I want to buy this coat that costs about $220 and it will last forever (Lifetime guarantees never lie). I've been wanting a coat like that for some time. Yet, this person just keeps on yelling and yelling at me. It'll be nice if someone could just politely talk to me, for once, now that I am back at home. Why is that whenever I come home, things have to turn out to be such bad news? What have I done to deserve this belittlement? Like really God, what did I do? I know life isn't fair sometimes but it's as if everything is turning their back on me. Where is the love? Do I even deserve it?
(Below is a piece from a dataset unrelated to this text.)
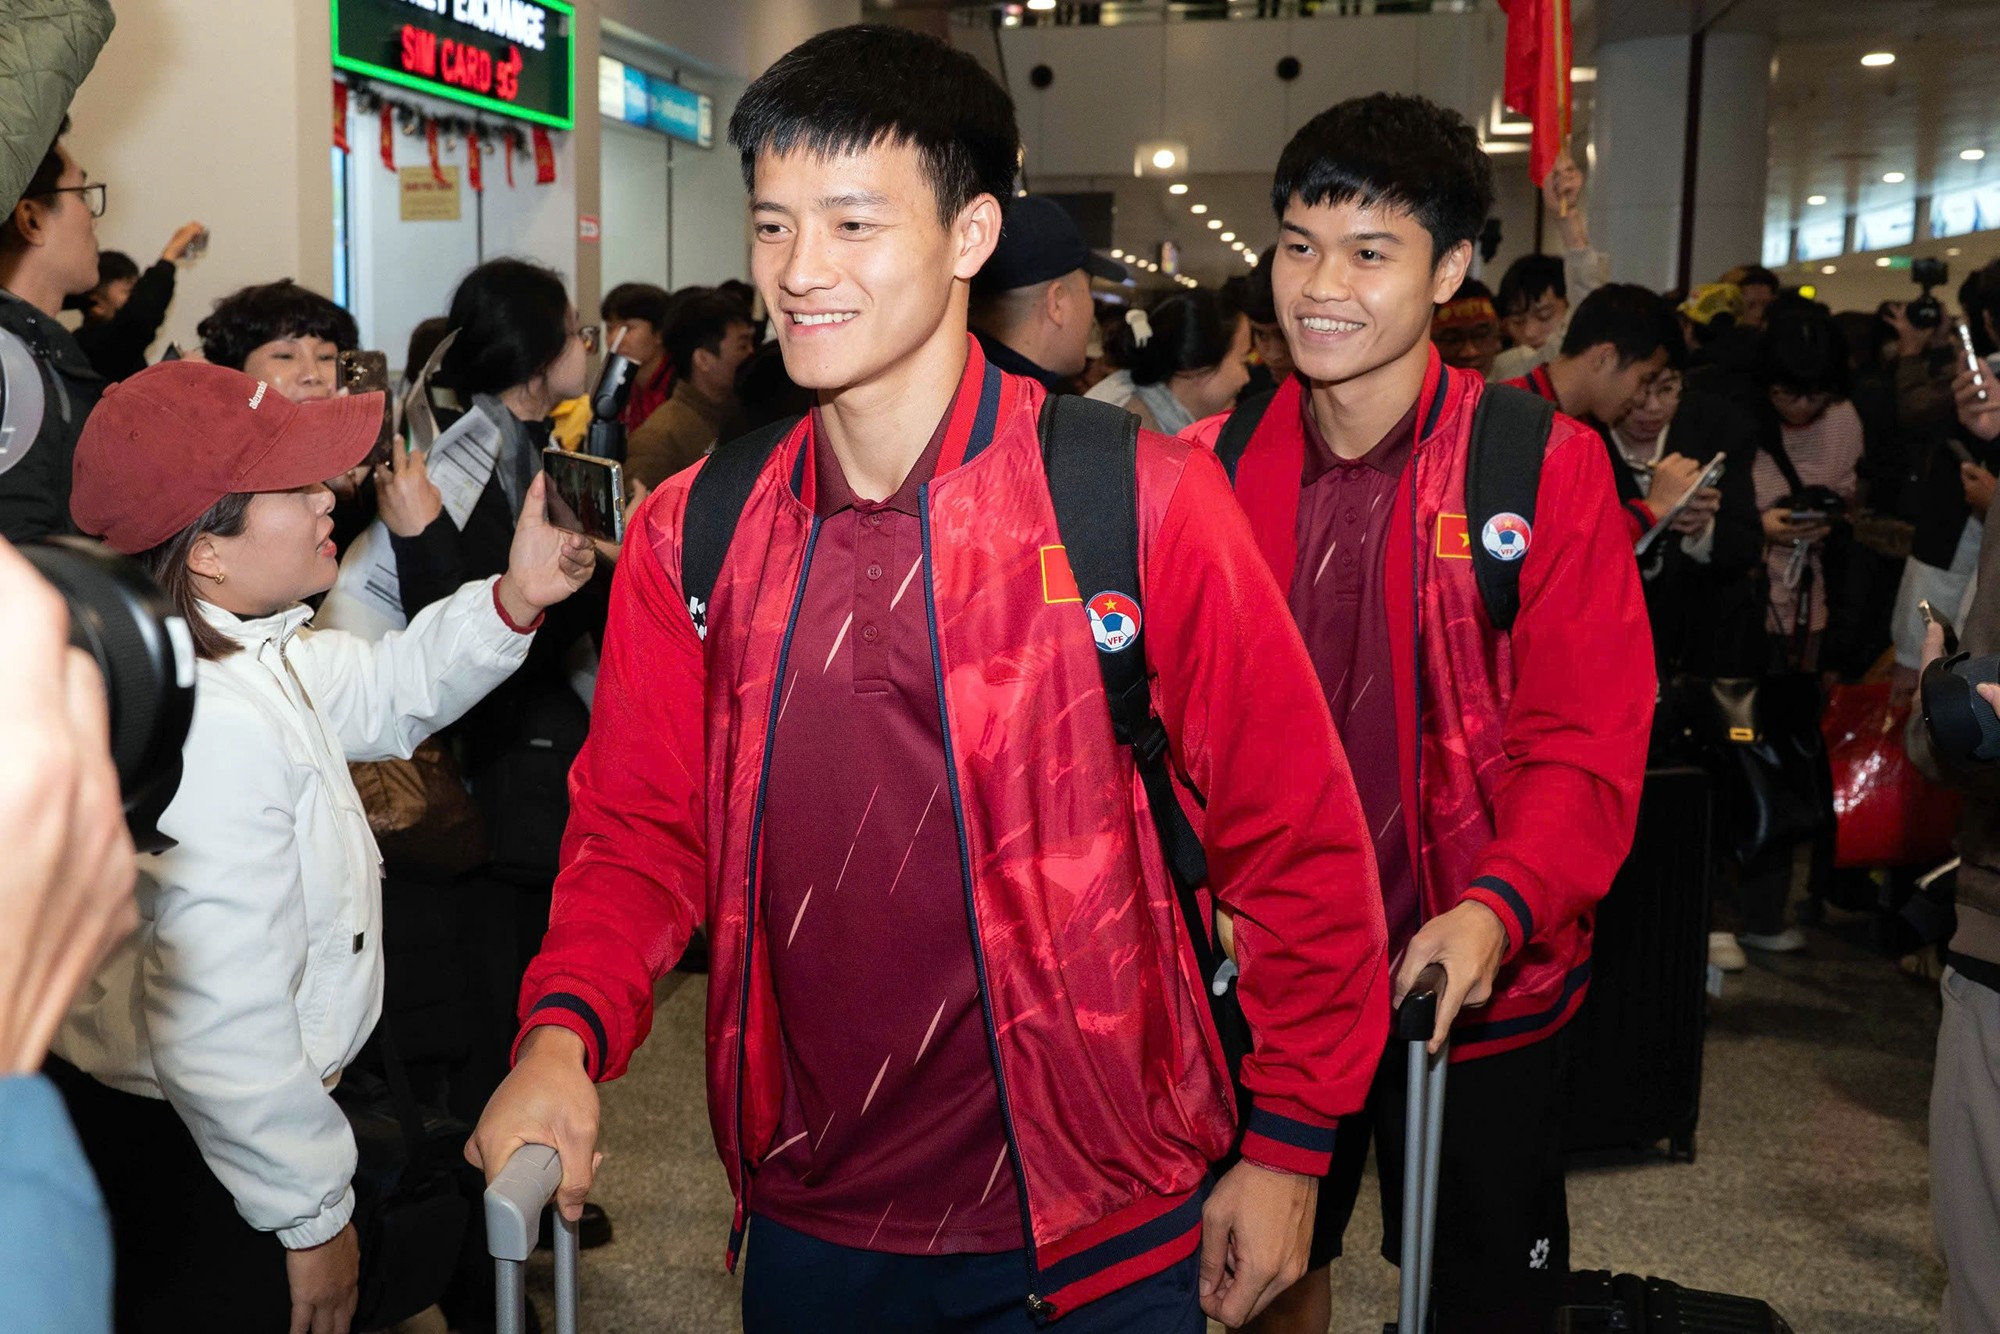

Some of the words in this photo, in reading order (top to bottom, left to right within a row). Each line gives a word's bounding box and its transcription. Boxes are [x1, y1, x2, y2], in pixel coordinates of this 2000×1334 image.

[401, 24, 437, 77] SIM
[440, 39, 493, 93] CARD
[1107, 635, 1124, 645] VFF
My mom also said the rudest thing to me today and due to her tenacious name calling and whatever, I have a thick skin about it. I am so used to all these rude statements she spits in my face. I just ignore her and move on. She really needs to listen to Paramore's "Playing God." I dedicate that song to her. She's such a hypocrite. It's funny because when people say mean things about her, I get angry because they do not fully know her. I do and I feel that I have the complete authority to do so.
Yay, the super glue in my hand is 90% gone. So much for turpentine haha. I have the best solution to remove unwanted super glue: boredom.
People are probably going to think I am emo after reading a few of these recent entries. Well whatever. I am not. I overwork myself and I get null. I think you'd be upset too...especially from a flawed perfectionist like me.